While Howard Mavity, an Atlanta-based partner at Fisher & Phillips L.L.P., firmly believes OSHA “misses the boat” on employee incentive programs, he recommends against basing such programs on lagging indicators such as injury and illness rates, because they are ineffectual and could run afoul of OSHA.

Instead, employees and supervisors should be evaluated based on leading indicators such as reporting near misses and fixing hazards without being told to do so, said W.E. Scott, director of consulting services at the National Safety Council in Itasca, Illinois.

Several studies on employee incentive programs have underpinned OSHA's position, although management advocates often dispute the findings and argue that OSHA is projecting the actions of a few bad employers on the entire business community.

A 2012 Government Accountability Office study estimated that 25% of U.S. manufacturers had safety incentive programs and most had other workplace safety policies that could affect injury and illness reporting.

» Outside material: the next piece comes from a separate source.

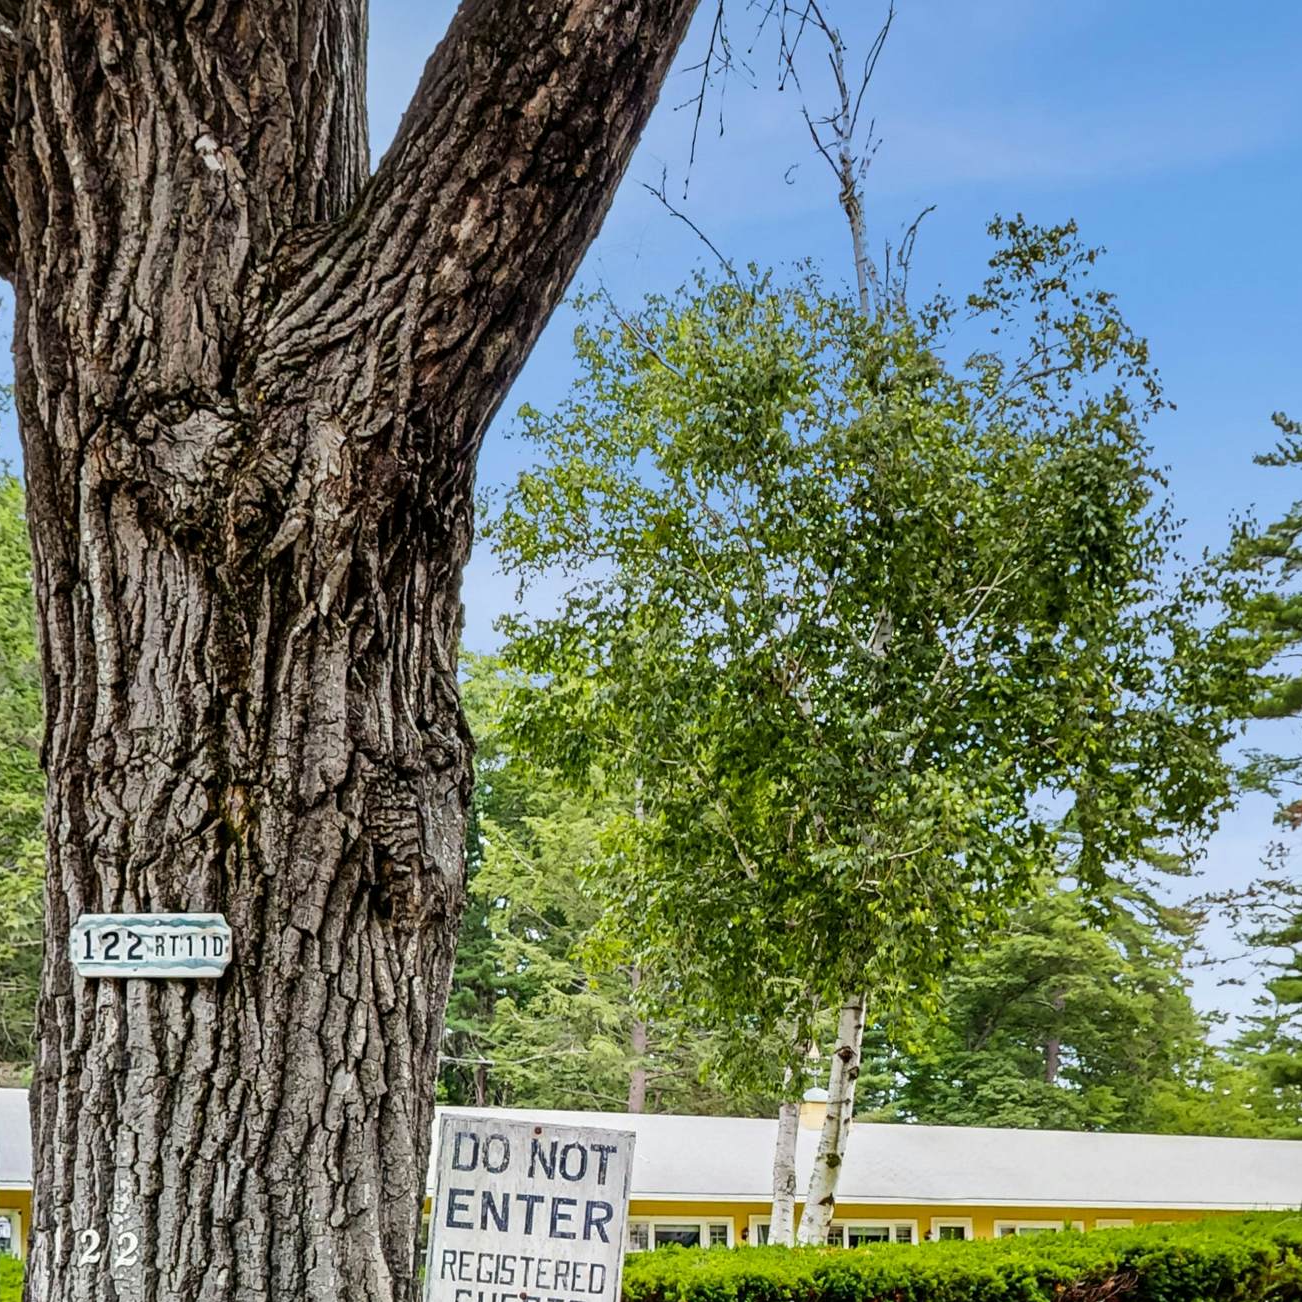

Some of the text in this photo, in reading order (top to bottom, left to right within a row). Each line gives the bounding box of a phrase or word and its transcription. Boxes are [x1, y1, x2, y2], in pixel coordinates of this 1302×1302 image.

[82, 929, 144, 961] 122
[451, 1131, 618, 1186] DO NOT
[445, 1187, 615, 1244] ENTER
[440, 1249, 607, 1295] REGISTERED

It found that 22% of manufacturers had rate-based safety incentive programs, which reward workers with few or no reported injuries or illnesses during a set period, while 14% had behavior-based programs to report near misses or recommend safety improvements.

“The idea that the record is just based on anecdotal information is completely false,” said Nancy Lessin, senior staff for strategic initiatives at the United Steelworkers' Tony Mazzocchi Center for Health, Safety and Environmental Education in Pittsburgh.

However, Mr. Halprin argued that the contention that incentive programs discourage injury and illness reporting is false, citing estimates that the accuracy rate for employers using OSHA's reporting forms is 90% to 95%.

“Those studies have shown no pervasive intentional underreporting or discouraging of anyone reporting,” Mr. Halprin said. “They've simply shown mostly overreporting and underreporting due to an overly complex rule.”

Seeking an alternative, Boston-based Northeastern University researchers devised a construction reporting program designed to promote, recognize and reward safe working conditions that relied on worksite safety audits, according to their May 2015 report.

Foremen received weekly reports — including positive and negative examples — over a six-month period analyzing recognition of hazards such as lack of fall protection or guardrails.

The approach triggered safety improvements in as little as 30 days, researchers said, and a passing score resulted in a catered lunch for employees and a raffled free parking space for a month for one individual employee.

“You always have to be careful when creating an incentive what you are incentivizing,” said Jack Dennerlein, a professor at Northeastern University's Bouvé College of Health Sciences, Department of Physical Therapy, Movement, and Rehabilitation Sciences in Boston.